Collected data
╔══

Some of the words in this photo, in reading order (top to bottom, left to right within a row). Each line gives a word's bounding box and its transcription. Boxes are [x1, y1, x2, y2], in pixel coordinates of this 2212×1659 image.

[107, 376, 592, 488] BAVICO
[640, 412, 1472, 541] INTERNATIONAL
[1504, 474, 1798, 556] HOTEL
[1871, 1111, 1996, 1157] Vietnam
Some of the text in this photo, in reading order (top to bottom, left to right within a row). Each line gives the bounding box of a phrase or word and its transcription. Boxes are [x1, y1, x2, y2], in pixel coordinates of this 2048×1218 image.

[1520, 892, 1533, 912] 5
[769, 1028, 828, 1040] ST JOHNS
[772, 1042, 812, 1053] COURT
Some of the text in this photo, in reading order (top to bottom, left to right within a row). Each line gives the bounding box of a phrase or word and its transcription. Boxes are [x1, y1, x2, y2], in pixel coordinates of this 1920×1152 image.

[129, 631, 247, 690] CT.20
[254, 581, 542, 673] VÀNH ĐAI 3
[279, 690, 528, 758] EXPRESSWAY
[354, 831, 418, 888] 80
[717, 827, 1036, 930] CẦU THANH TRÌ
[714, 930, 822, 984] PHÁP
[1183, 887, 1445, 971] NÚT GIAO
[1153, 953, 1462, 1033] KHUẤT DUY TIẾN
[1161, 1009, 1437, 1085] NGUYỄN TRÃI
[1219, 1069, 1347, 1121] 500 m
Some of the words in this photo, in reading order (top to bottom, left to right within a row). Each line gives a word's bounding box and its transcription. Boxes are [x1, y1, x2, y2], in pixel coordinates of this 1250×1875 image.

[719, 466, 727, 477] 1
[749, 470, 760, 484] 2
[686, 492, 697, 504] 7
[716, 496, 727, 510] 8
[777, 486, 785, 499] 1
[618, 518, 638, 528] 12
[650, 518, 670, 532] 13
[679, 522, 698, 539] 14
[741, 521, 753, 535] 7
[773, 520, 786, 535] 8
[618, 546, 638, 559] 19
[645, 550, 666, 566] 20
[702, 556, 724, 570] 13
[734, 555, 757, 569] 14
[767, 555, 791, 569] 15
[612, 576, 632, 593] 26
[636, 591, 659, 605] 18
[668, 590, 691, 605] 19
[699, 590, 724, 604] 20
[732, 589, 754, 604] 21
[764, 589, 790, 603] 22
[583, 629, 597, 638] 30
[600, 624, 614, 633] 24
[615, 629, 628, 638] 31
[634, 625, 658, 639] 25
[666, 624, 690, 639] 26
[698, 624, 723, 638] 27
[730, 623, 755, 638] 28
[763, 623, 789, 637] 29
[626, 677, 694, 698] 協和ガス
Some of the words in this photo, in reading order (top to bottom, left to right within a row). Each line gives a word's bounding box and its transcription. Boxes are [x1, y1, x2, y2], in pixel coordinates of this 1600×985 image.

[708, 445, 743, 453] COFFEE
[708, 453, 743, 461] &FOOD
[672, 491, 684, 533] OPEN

╚══

### Exercise directions
Return the records above in their entirety, exactly as they appear.

### Your solution
Some of the words in this photo, in reading order (top to bottom, left to right within a row). Each line gives a word's bounding box and its transcription. Boxes are [x1, y1, x2, y2], in pixel coordinates of this 2212×1659 image.

[107, 376, 592, 488] BAVICO
[640, 412, 1472, 541] INTERNATIONAL
[1504, 474, 1798, 556] HOTEL
[1871, 1111, 1996, 1157] Vietnam
Some of the text in this photo, in reading order (top to bottom, left to right within a row). Each line gives the bounding box of a phrase or word and its transcription. Boxes are [x1, y1, x2, y2], in pixel coordinates of this 2048×1218 image.

[1520, 892, 1533, 912] 5
[769, 1028, 828, 1040] ST JOHNS
[772, 1042, 812, 1053] COURT
Some of the text in this photo, in reading order (top to bottom, left to right within a row). Each line gives the bounding box of a phrase or word and its transcription. Boxes are [x1, y1, x2, y2], in pixel coordinates of this 1920×1152 image.

[129, 631, 247, 690] CT.20
[254, 581, 542, 673] VÀNH ĐAI 3
[279, 690, 528, 758] EXPRESSWAY
[354, 831, 418, 888] 80
[717, 827, 1036, 930] CẦU THANH TRÌ
[714, 930, 822, 984] PHÁP
[1183, 887, 1445, 971] NÚT GIAO
[1153, 953, 1462, 1033] KHUẤT DUY TIẾN
[1161, 1009, 1437, 1085] NGUYỄN TRÃI
[1219, 1069, 1347, 1121] 500 m
Some of the words in this photo, in reading order (top to bottom, left to right within a row). Each line gives a word's bounding box and its transcription. Boxes are [x1, y1, x2, y2], in pixel coordinates of this 1250×1875 image.

[719, 466, 727, 477] 1
[749, 470, 760, 484] 2
[686, 492, 697, 504] 7
[716, 496, 727, 510] 8
[777, 486, 785, 499] 1
[618, 518, 638, 528] 12
[650, 518, 670, 532] 13
[679, 522, 698, 539] 14
[741, 521, 753, 535] 7
[773, 520, 786, 535] 8
[618, 546, 638, 559] 19
[645, 550, 666, 566] 20
[702, 556, 724, 570] 13
[734, 555, 757, 569] 14
[767, 555, 791, 569] 15
[612, 576, 632, 593] 26
[636, 591, 659, 605] 18
[668, 590, 691, 605] 19
[699, 590, 724, 604] 20
[732, 589, 754, 604] 21
[764, 589, 790, 603] 22
[583, 629, 597, 638] 30
[600, 624, 614, 633] 24
[615, 629, 628, 638] 31
[634, 625, 658, 639] 25
[666, 624, 690, 639] 26
[698, 624, 723, 638] 27
[730, 623, 755, 638] 28
[763, 623, 789, 637] 29
[626, 677, 694, 698] 協和ガス
Some of the words in this photo, in reading order (top to bottom, left to right within a row). Each line gives a word's bounding box and its transcription. Boxes are [x1, y1, x2, y2], in pixel coordinates of this 1600×985 image.

[708, 445, 743, 453] COFFEE
[708, 453, 743, 461] &FOOD
[672, 491, 684, 533] OPEN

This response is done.